Action item: Every record is to be duplicated exactly as it reads, without its images.

Records to process:
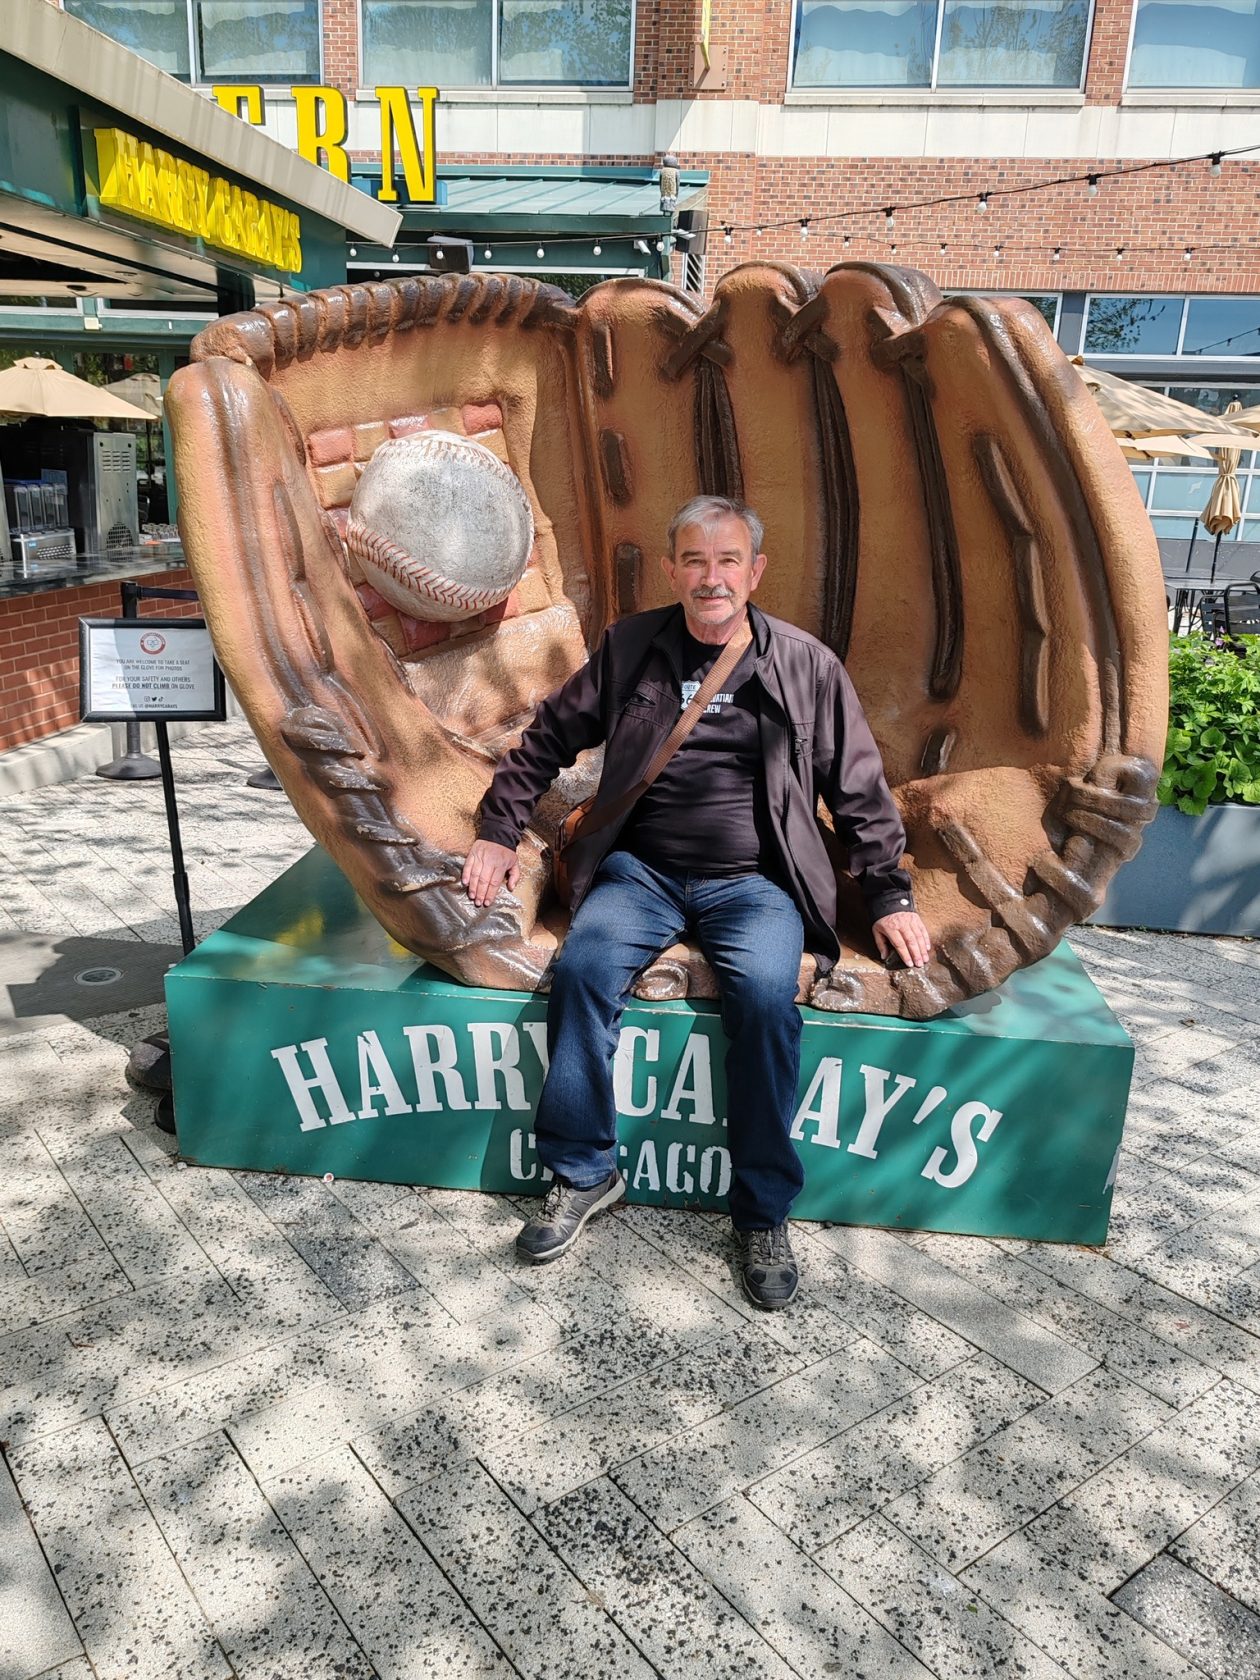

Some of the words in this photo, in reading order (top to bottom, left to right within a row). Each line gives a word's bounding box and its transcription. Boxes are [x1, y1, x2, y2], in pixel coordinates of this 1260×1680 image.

[94, 127, 210, 240] HARRY
[204, 177, 303, 273] CARAY'S
[703, 704, 721, 714] REW
[612, 1026, 1003, 1188] CAAY'S
[510, 1128, 732, 1197] CAGO

Your response:
Some of the words in this photo, in reading order (top to bottom, left to right within a row). Each line gives a word's bounding box and its transcription. Boxes are [x1, y1, x2, y2], in pixel coordinates of this 1260×1680 image.

[94, 127, 210, 240] HARRY
[204, 177, 303, 273] CARAY'S
[703, 704, 721, 714] REW
[612, 1026, 1003, 1188] CAAY'S
[510, 1128, 732, 1197] CAGO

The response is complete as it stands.